Un accident, une demi-heure avant la fin de l'épreuve faillit me faire abandonner. Comme deux ans plus tôt, l'équipe Tracta vécut un drame. Cette fois encore j'étais au volant.
Pendant la dernière heure, une pluie fine commence à tomber sur Arnage et mouille le goudron de la piste liquéfiée par la chaleur et le roulement. La route devient glissante sans que les conducteurs s'en doutent. Je prends l'S d'Arnage à la vitesse habituelle. Ma tracta dérape, fait un double tête-à-queue et se retrouve dans le fossé, les roues arrière enfoncées jusqu'aux moyeux dans la terre et les roues avants ne touchant plus le sol. Je descends. Aile arrachée, roue tordue, mais la voiture doit encore rouler? Je remets le moteur en route. Malheureusement, les roues avant n'entrainent plus.
Désespoir ! Une course gagnée perdue à quelques minutes de la fin.
Dans l'impossibilité de me sortir de mes seules mains de cette facheuse position, je demande aux commissaires qui me regardent avec sympathie de me pousser sur la route. Ils me rappellent que, s'ils touchent à ma voiture, elle est immédiatement mise hors course. "Ne vous avouez pas vaincu !" me conseillent-ils.
Des milliers de personnes, dont toute la population de Laigné-en-Belin (le village de notre quartier général), sont massées dans ces virages, l'un des points d'attraction du circuit.
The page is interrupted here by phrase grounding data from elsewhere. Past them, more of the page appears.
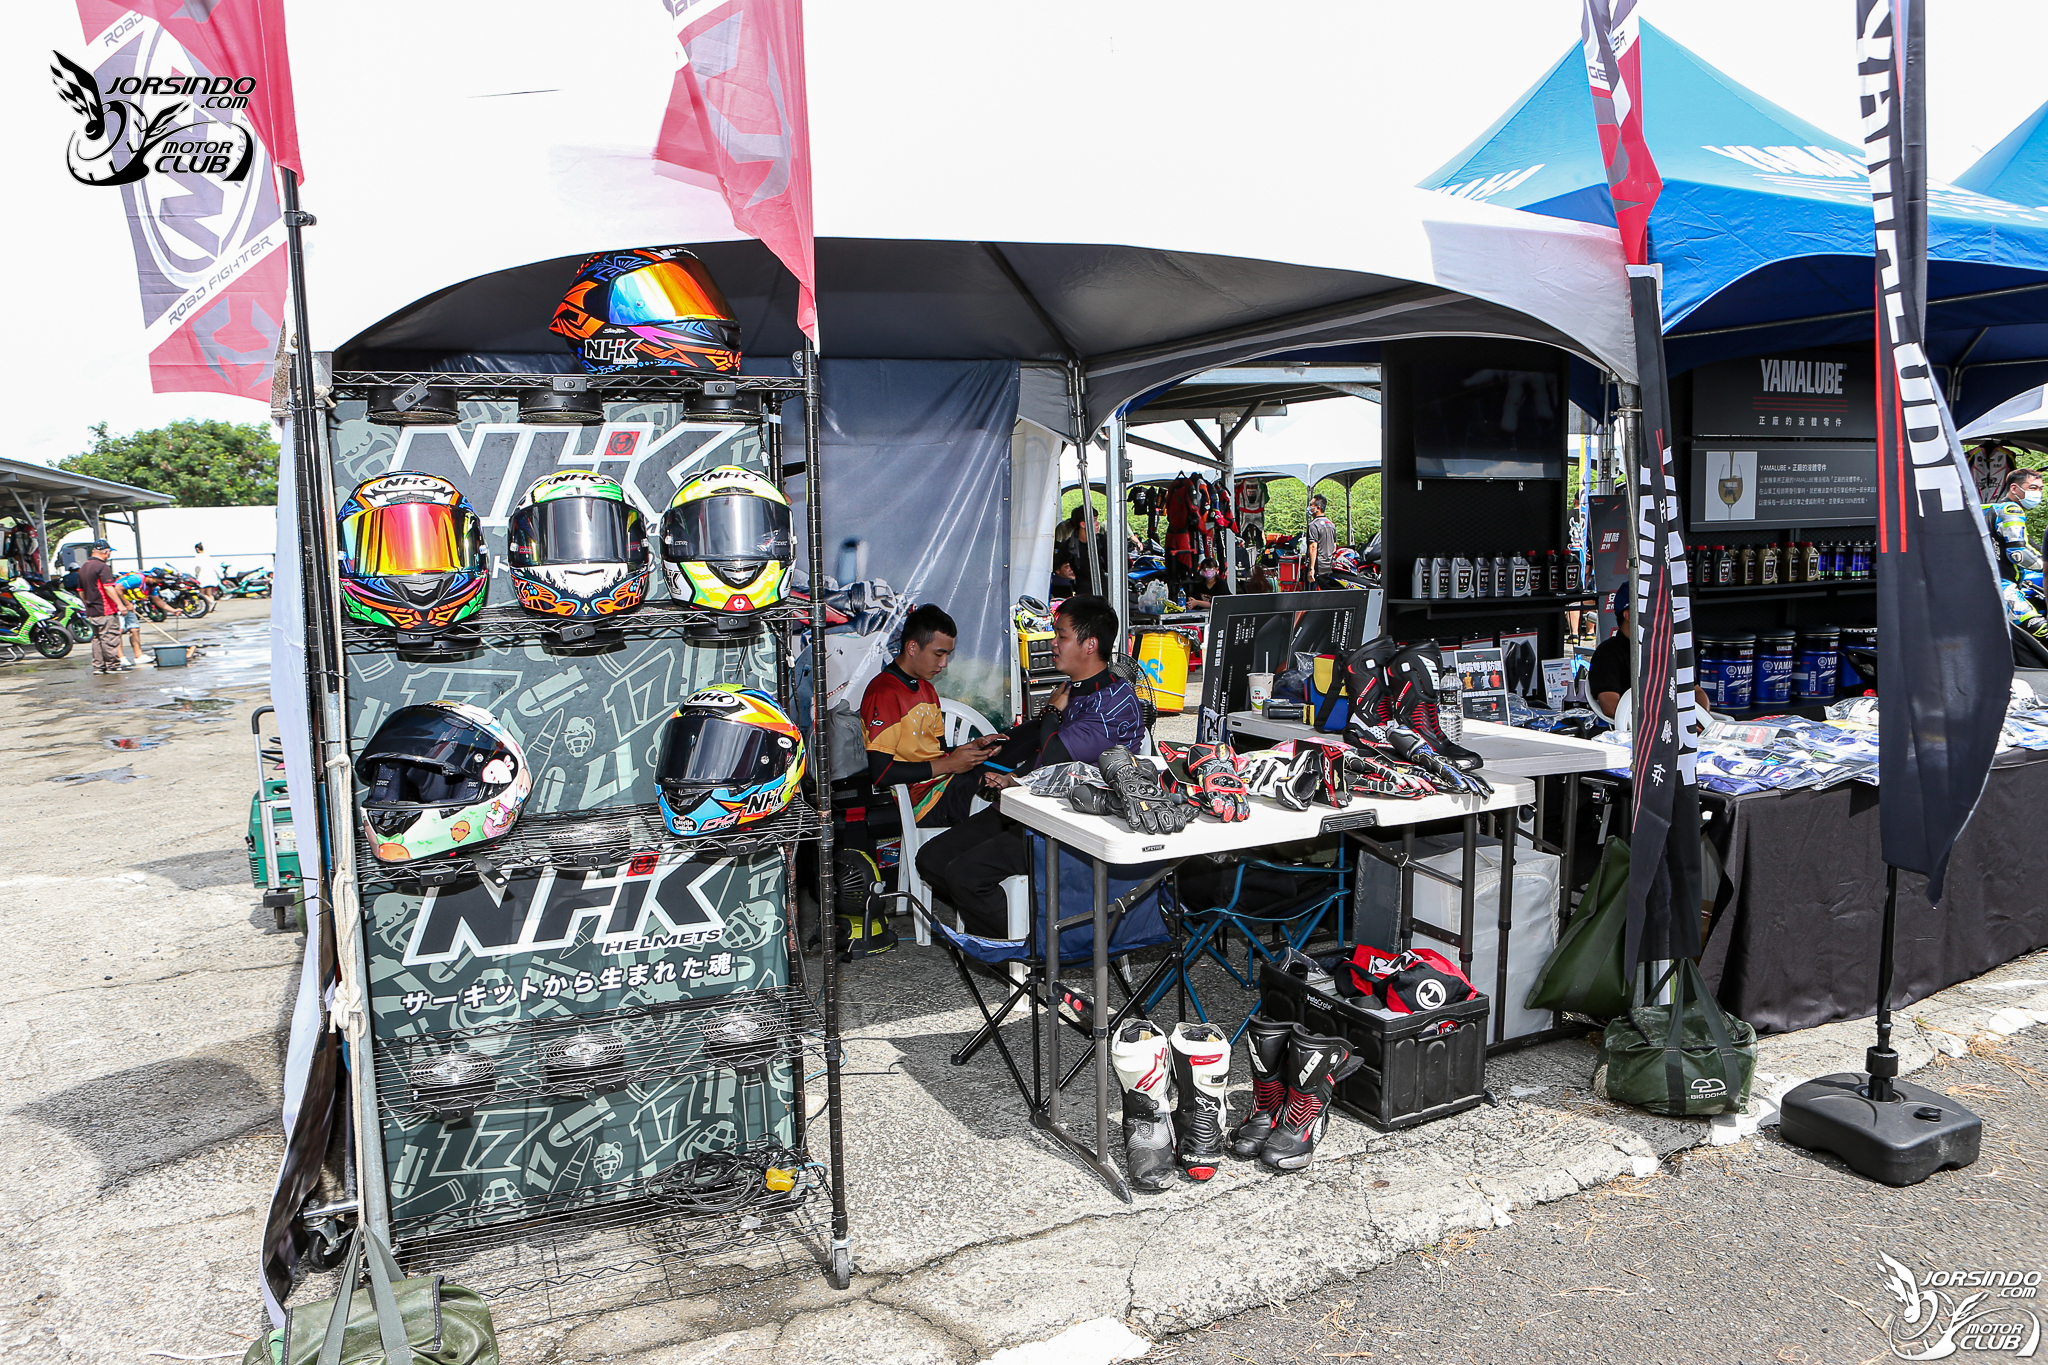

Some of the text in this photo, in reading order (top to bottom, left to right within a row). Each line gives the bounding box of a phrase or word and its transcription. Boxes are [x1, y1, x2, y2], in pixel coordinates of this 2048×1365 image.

[168, 235, 274, 325] ROAD FIGHTER
[584, 338, 644, 360] NHK
[1760, 358, 1844, 395] YAMALUBE
[383, 476, 431, 489] NHK
[385, 421, 746, 530] NHK
[552, 473, 602, 484] NHK
[708, 471, 751, 482] NHK
[687, 692, 731, 703] NHK
[745, 782, 790, 816] NHK
[402, 853, 736, 967] NHK
[601, 927, 725, 957] HELMETS
[402, 950, 735, 1017] サーキットから生まれた魂
[1704, 1089, 1728, 1099] DOME
Je constate qu'il plane sur cette foule un silence total coupé seulement par le rare passage des survivants.
J'aperçois tout à coup à dix mètres de moi, une pelle que je n'avais pas vue tout à l'heure. La Providence ?
Je m'empare de l'outil et me transforme fébrilement en terrassier. Puis je roule sous les roues avant un morceau de palissade qui n'était pas là non plus. Encore la Providence ?
Après quelques tentatives, je réussis à sortir du fossé. La foule qui a vécu mon drame avec intensité pousse un cri de soulagement. Ne suis-je pas l'un des deux français encore en course ? Je me dirige à petite allure vers les tribunes et j'attends que Faroux agite le drapeau de la fin pour franchir la ligne d'arrivée. Ma voiture ne serait plus capable d'accomplir un tour complet.